— Your task —
Pictures aside, repeat every record below exactly.

[Collected data]
━━━━━━━━━━

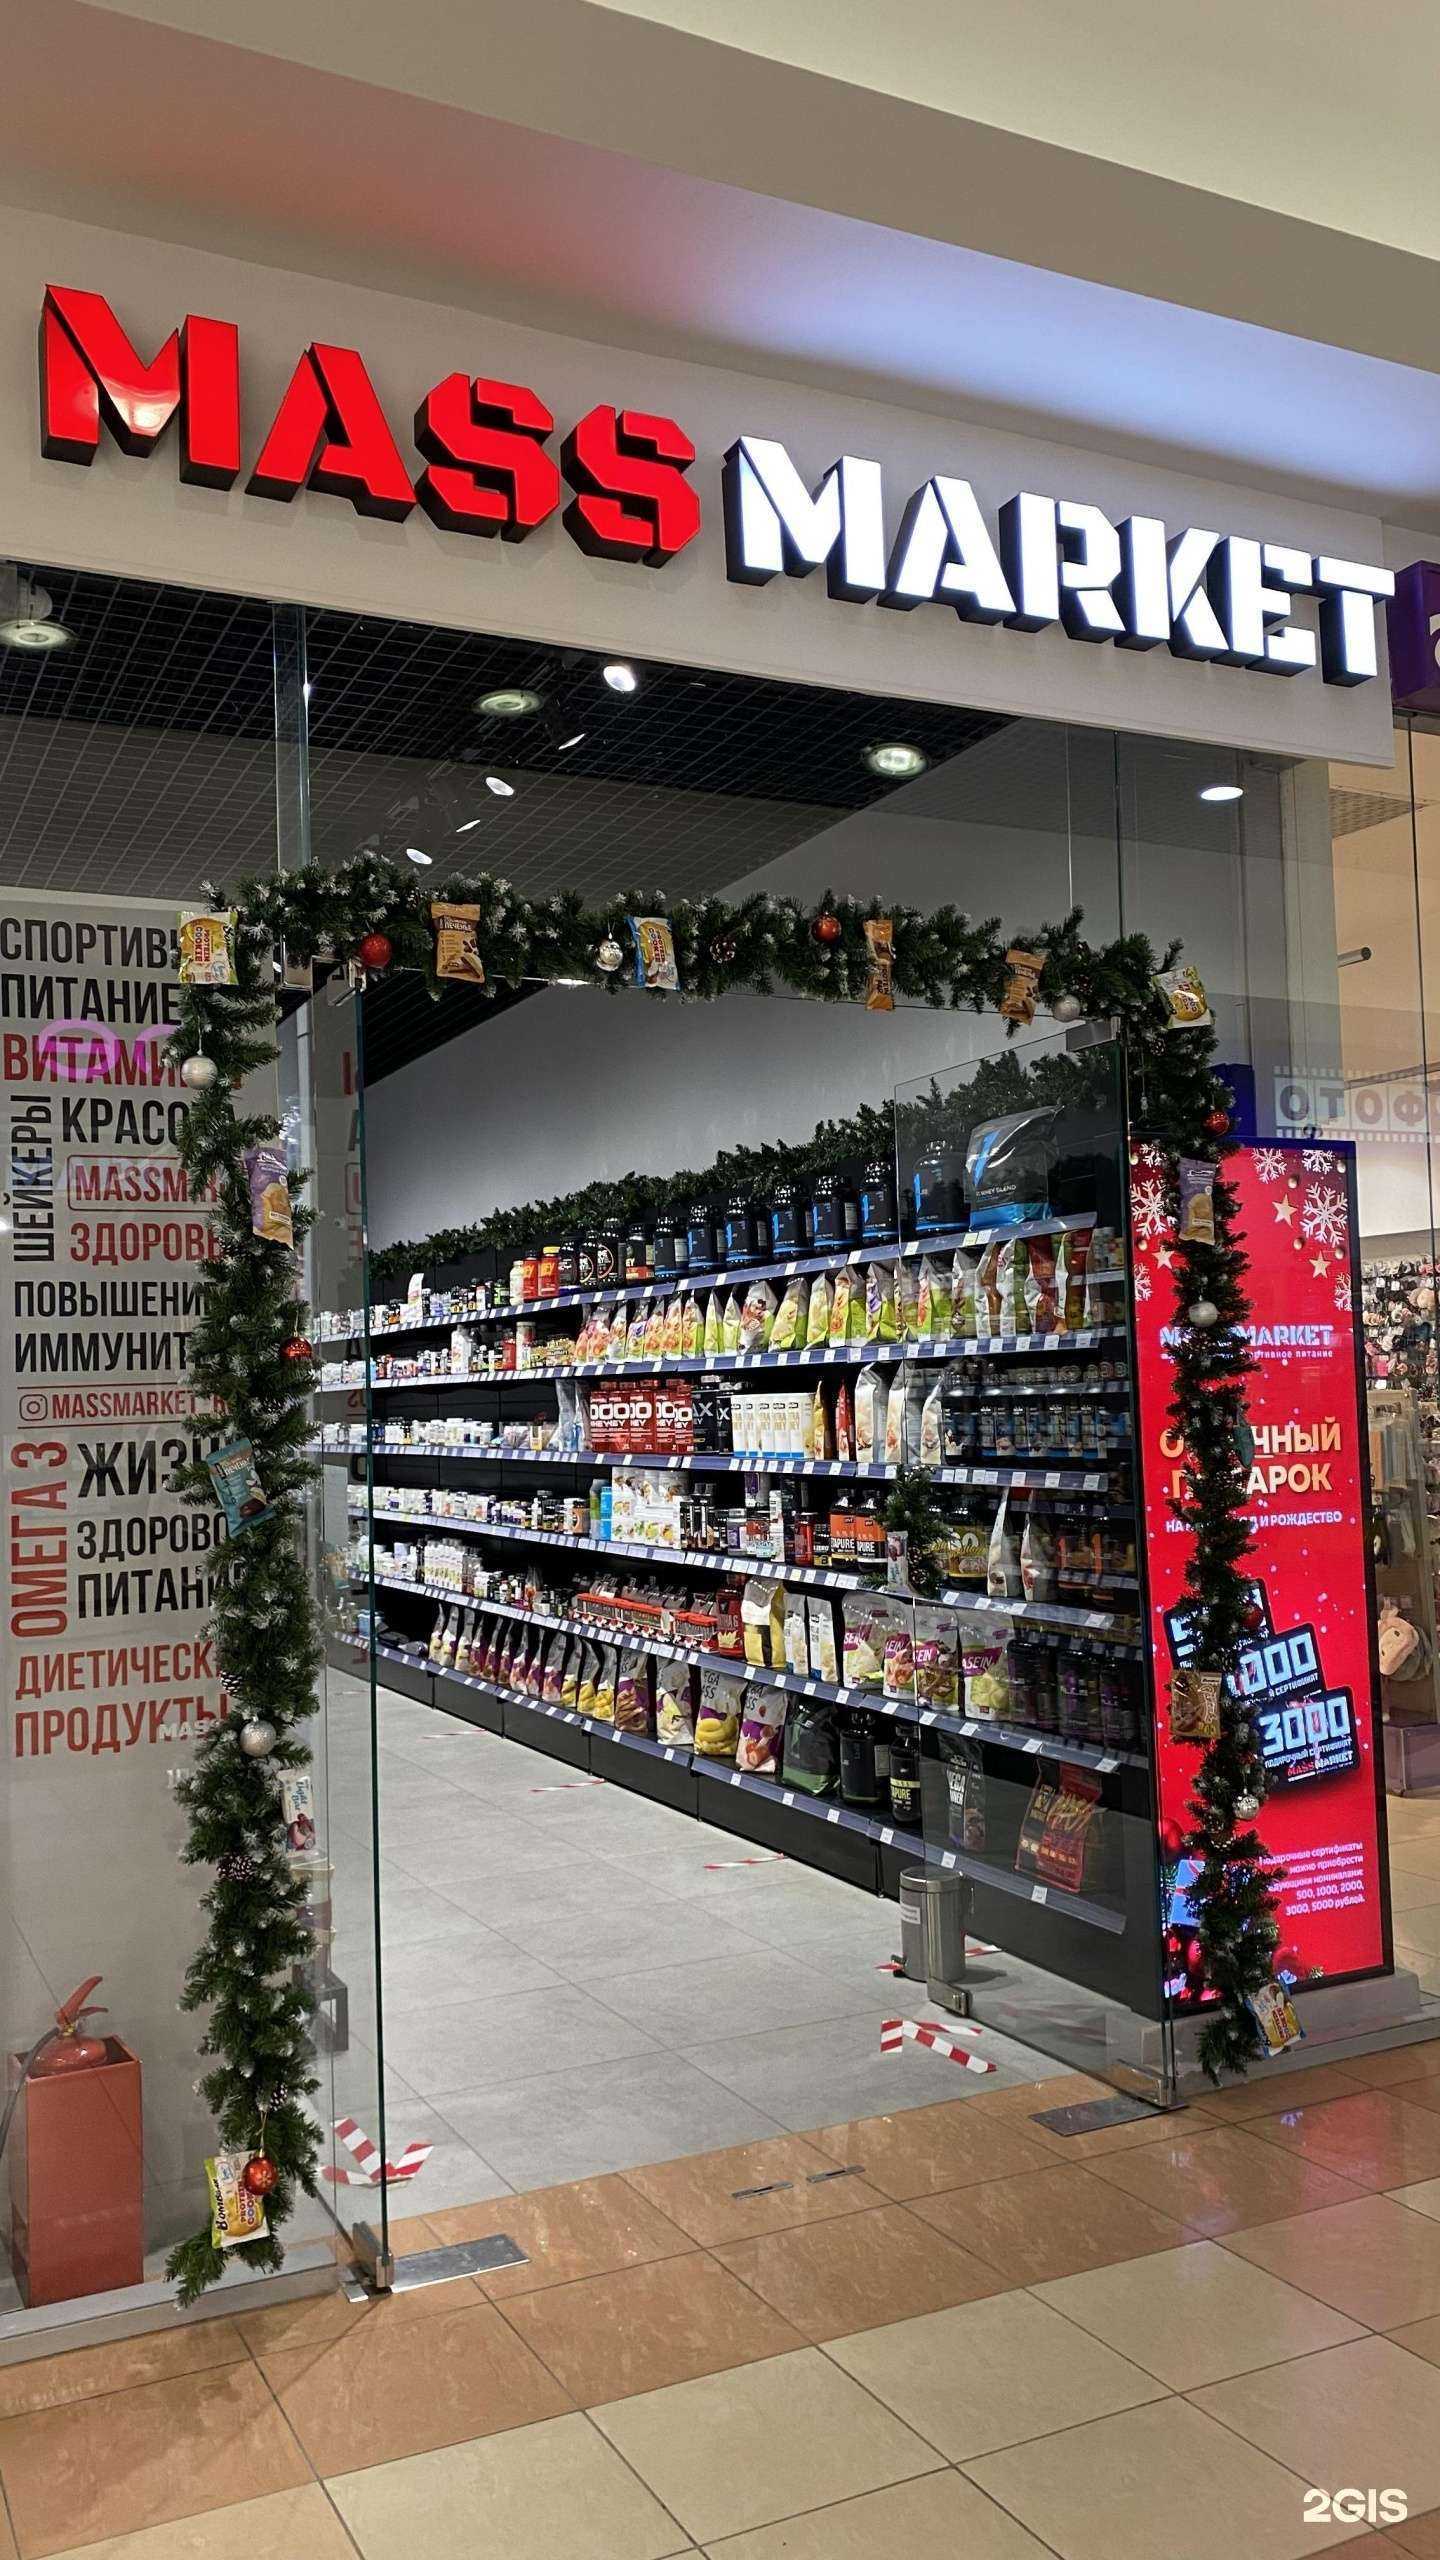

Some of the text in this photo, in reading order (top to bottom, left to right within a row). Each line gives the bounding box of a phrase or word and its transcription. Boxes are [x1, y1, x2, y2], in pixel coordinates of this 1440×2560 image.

[40, 284, 1395, 686] MASS MARKET
[2, 973, 183, 1025] ПИТАНИЕ
[4, 1033, 190, 1088] ВИТАМИ
[63, 1097, 192, 1146] КРАСО
[3, 1095, 54, 1261] ШЕЙКЕРЫ
[70, 1223, 224, 1266] ЗДОРОВЬ
[15, 1332, 194, 1373] ИММУНИТ
[1160, 1416, 1342, 1458] ОЧНЫЙ
[77, 1512, 228, 1563] ЗДОРОВО
[1270, 1510, 1342, 1527] РОЖДЕСТВО
[11, 1481, 68, 1638] ОМЕГА
[15, 1641, 221, 1699] ДИЕТИЧЕСК
[962, 1655, 992, 1669] ASEIN
[15, 1694, 228, 1757] ПРОДУКТЫ
[1259, 1696, 1351, 1756] 3000
[1289, 1855, 1363, 1875] можно приобрести
[1312, 1842, 1363, 1858] сертификаты
[1285, 1902, 1310, 1916] 3000,
[1312, 1898, 1334, 1912] 5000
[1296, 1879, 1365, 1900] 500, 1000, 2000,
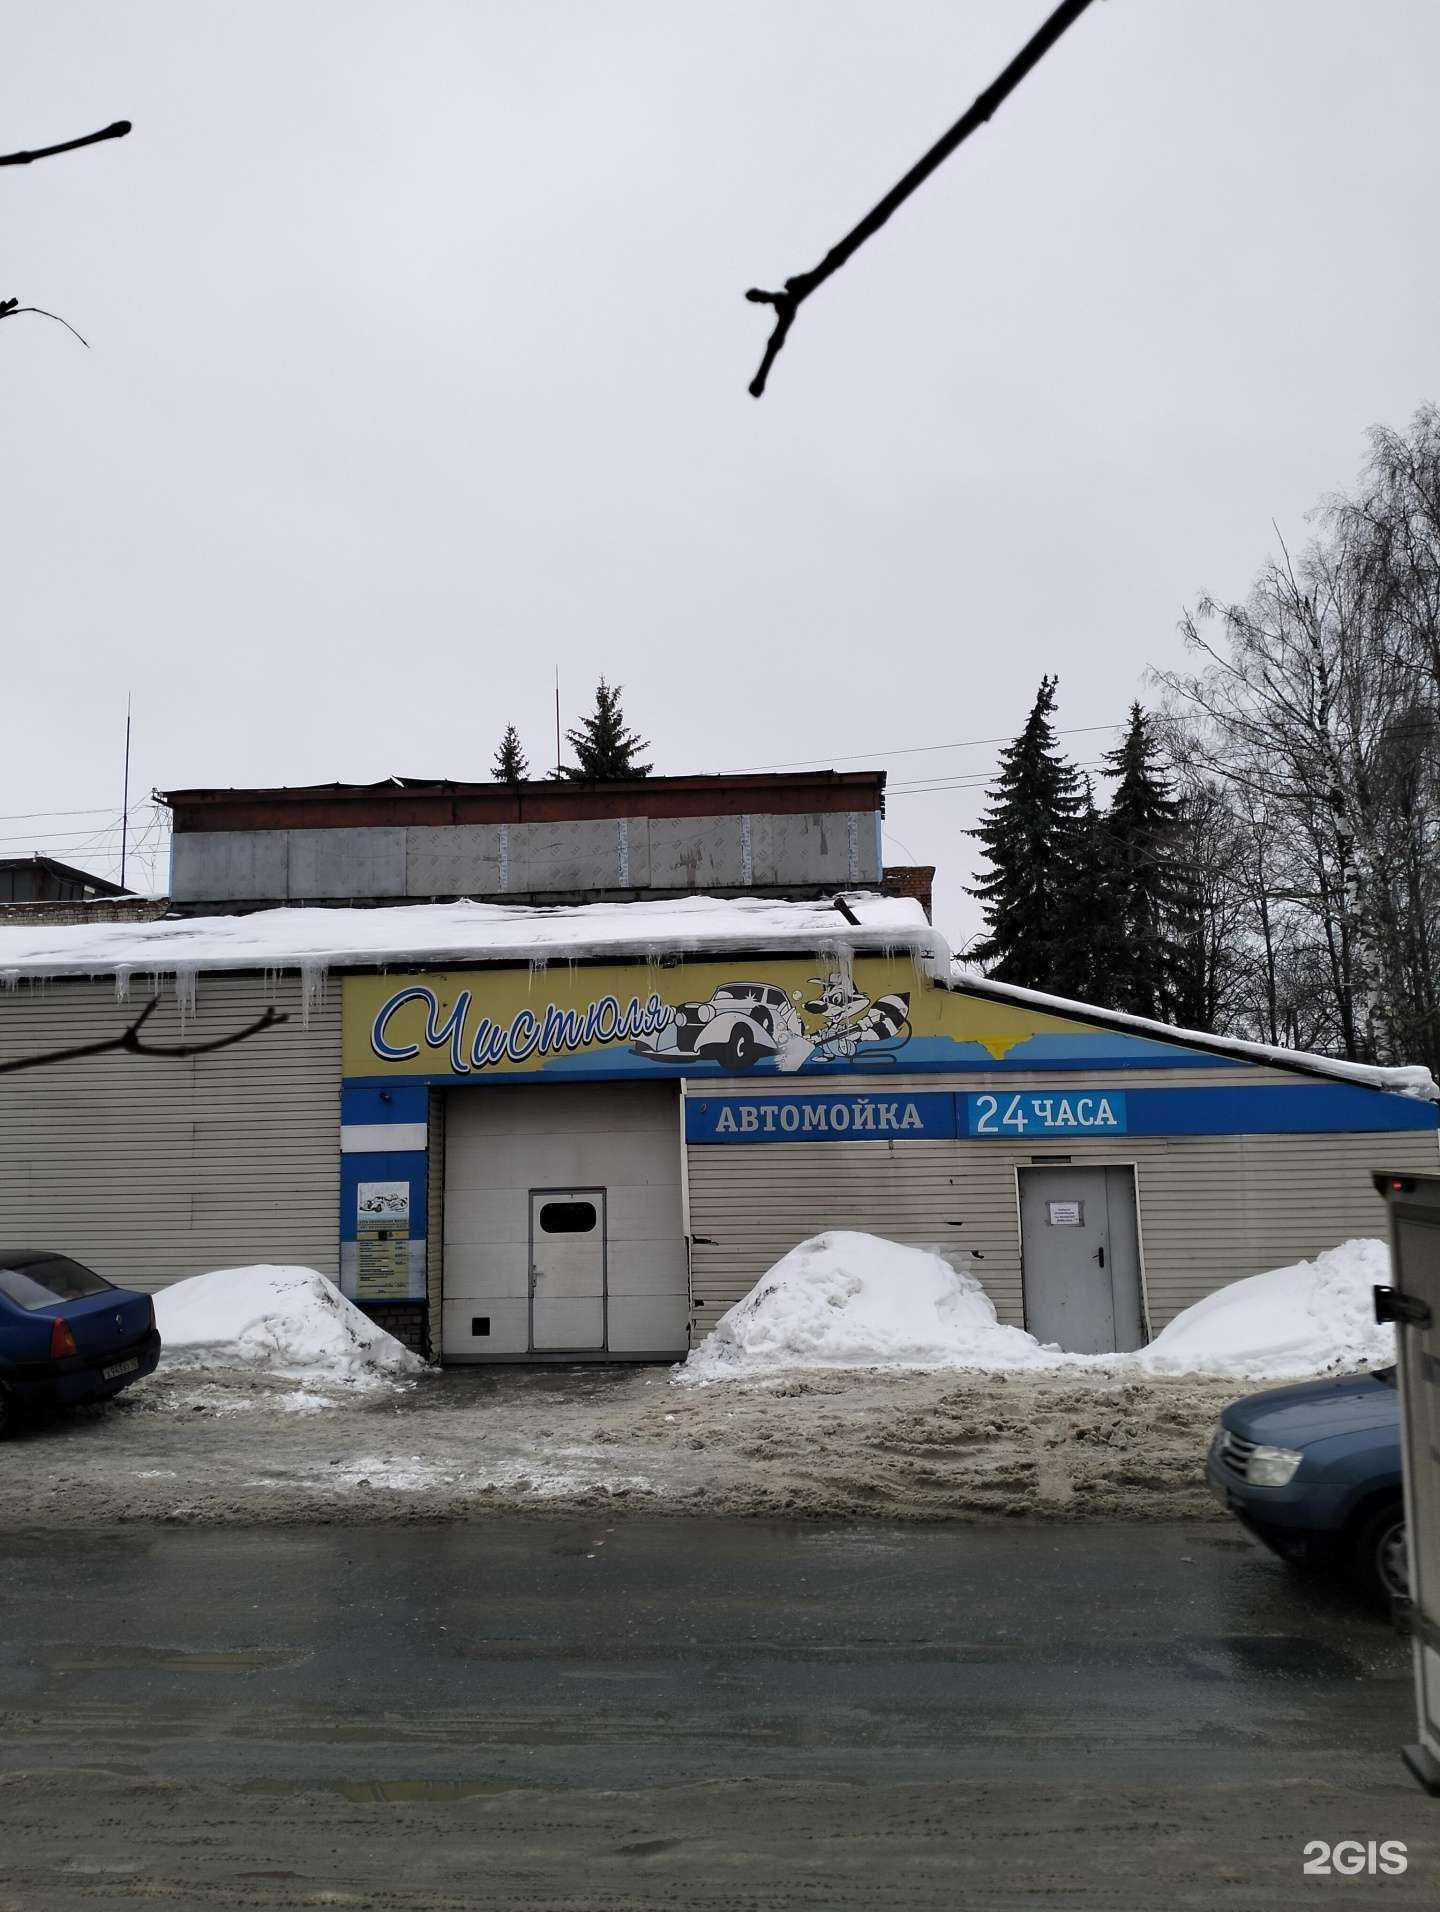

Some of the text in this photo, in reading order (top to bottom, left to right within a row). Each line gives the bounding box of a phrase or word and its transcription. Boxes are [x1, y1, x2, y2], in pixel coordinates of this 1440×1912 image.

[370, 985, 673, 1075] Чистюля
[715, 1099, 924, 1133] АВТОМОЙКА
[976, 1094, 1118, 1134] 24 ЧАСА
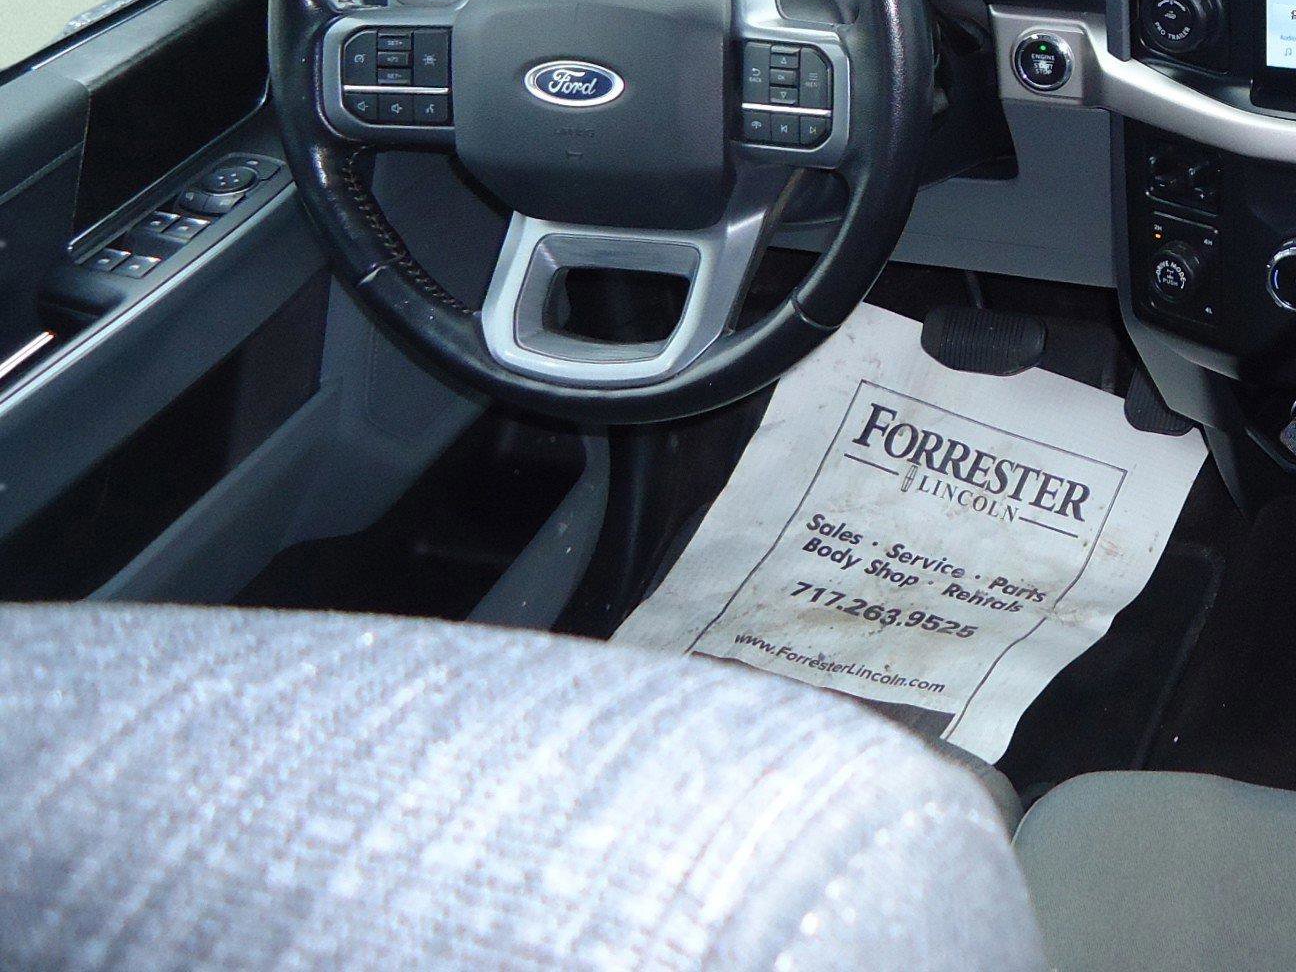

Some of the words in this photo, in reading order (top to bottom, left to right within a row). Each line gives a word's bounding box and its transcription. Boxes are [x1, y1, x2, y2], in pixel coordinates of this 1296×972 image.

━━━━━━━━━━

— Final answer —
Some of the text in this photo, in reading order (top to bottom, left to right within a row). Each line gives the bounding box of a phrase or word and its transcription. Boxes are [x1, y1, x2, y2], in pixel coordinates of this 1440×2560 image.

[40, 284, 1395, 686] MASS MARKET
[2, 973, 183, 1025] ПИТАНИЕ
[4, 1033, 190, 1088] ВИТАМИ
[63, 1097, 192, 1146] КРАСО
[3, 1095, 54, 1261] ШЕЙКЕРЫ
[70, 1223, 224, 1266] ЗДОРОВЬ
[15, 1332, 194, 1373] ИММУНИТ
[1160, 1416, 1342, 1458] ОЧНЫЙ
[77, 1512, 228, 1563] ЗДОРОВО
[1270, 1510, 1342, 1527] РОЖДЕСТВО
[11, 1481, 68, 1638] ОМЕГА
[15, 1641, 221, 1699] ДИЕТИЧЕСК
[962, 1655, 992, 1669] ASEIN
[15, 1694, 228, 1757] ПРОДУКТЫ
[1259, 1696, 1351, 1756] 3000
[1289, 1855, 1363, 1875] можно приобрести
[1312, 1842, 1363, 1858] сертификаты
[1285, 1902, 1310, 1916] 3000,
[1312, 1898, 1334, 1912] 5000
[1296, 1879, 1365, 1900] 500, 1000, 2000,

Some of the text in this photo, in reading order (top to bottom, left to right within a row). Each line gives the bounding box of a phrase or word and its transcription. Boxes are [x1, y1, x2, y2], in pixel coordinates of this 1440×1912 image.

[370, 985, 673, 1075] Чистюля
[715, 1099, 924, 1133] АВТОМОЙКА
[976, 1094, 1118, 1134] 24 ЧАСА

Some of the words in this photo, in reading order (top to bottom, left to right within a row). Each line gives a word's bounding box and its transcription. Boxes are [x1, y1, x2, y2], in pixel coordinates of this 1296×972 image.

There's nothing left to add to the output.